**TASK OBJECTIVE:**
Without including any images, set down the records below exactly.

**EXTRACTED ENTRIES:**
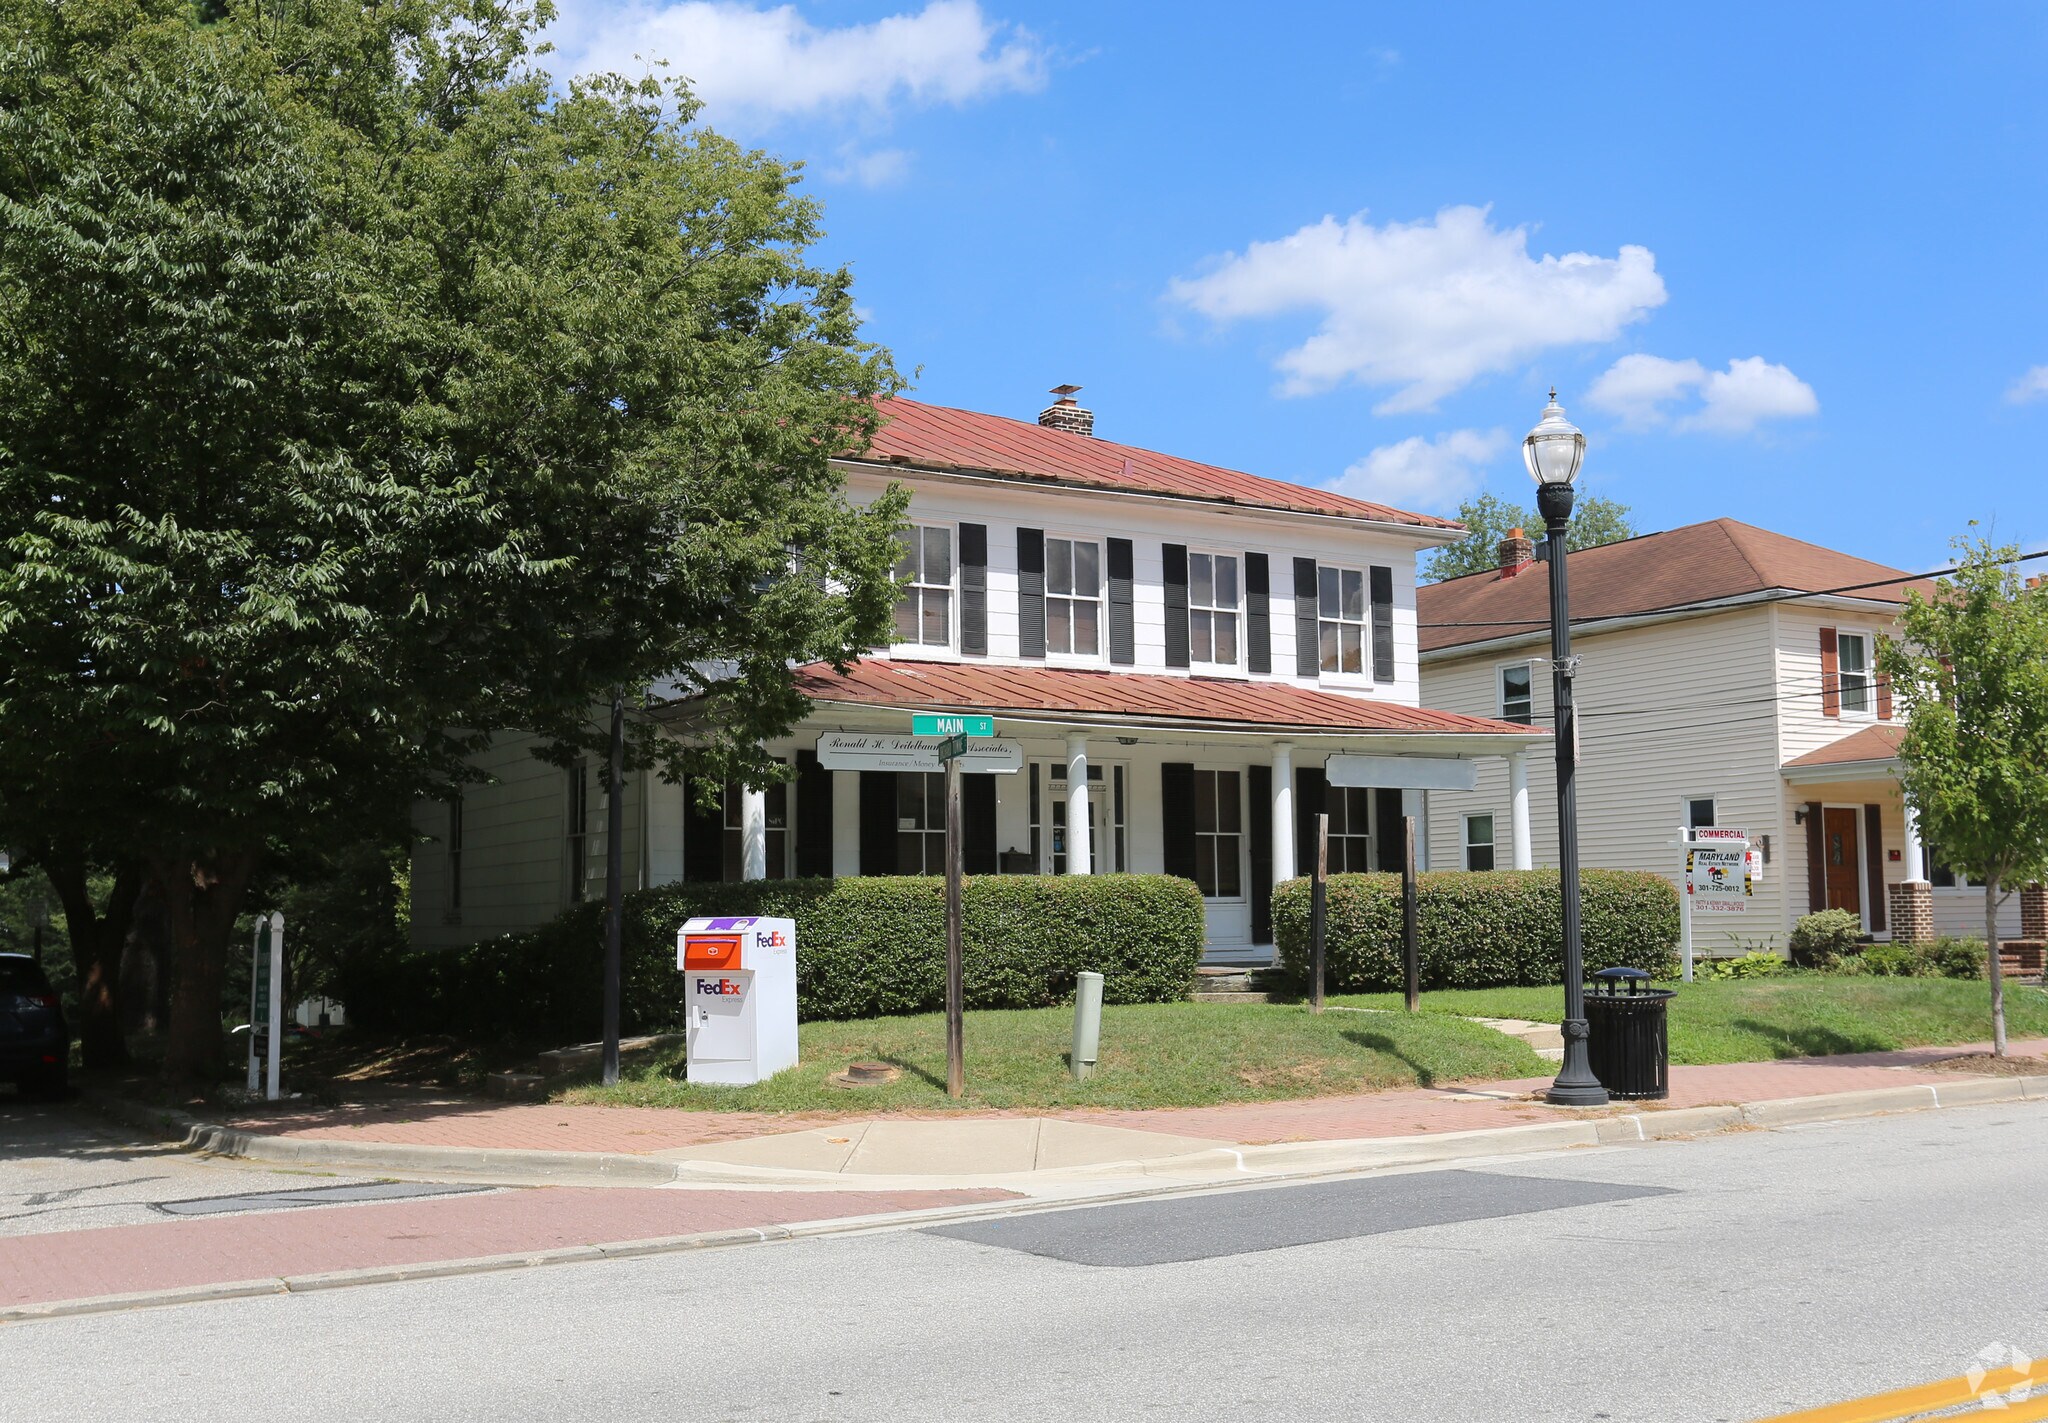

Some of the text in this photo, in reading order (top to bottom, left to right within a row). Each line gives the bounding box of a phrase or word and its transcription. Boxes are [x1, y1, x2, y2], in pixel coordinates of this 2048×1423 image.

[937, 718, 987, 733] MAIN ST
[829, 737, 868, 749] Ronald
[1698, 829, 1745, 839] COMMERCIAL
[1698, 852, 1740, 861] MARYLAND
[1698, 884, 1740, 893] 301-725-0012
[756, 931, 786, 948] FedEx
[696, 978, 741, 995] FedEx

**TASK OUTPUT:**
Some of the text in this photo, in reading order (top to bottom, left to right within a row). Each line gives the bounding box of a phrase or word and its transcription. Boxes are [x1, y1, x2, y2], in pixel coordinates of this 2048×1423 image.

[937, 718, 987, 733] MAIN ST
[829, 737, 868, 749] Ronald
[1698, 829, 1745, 839] COMMERCIAL
[1698, 852, 1740, 861] MARYLAND
[1698, 884, 1740, 893] 301-725-0012
[756, 931, 786, 948] FedEx
[696, 978, 741, 995] FedEx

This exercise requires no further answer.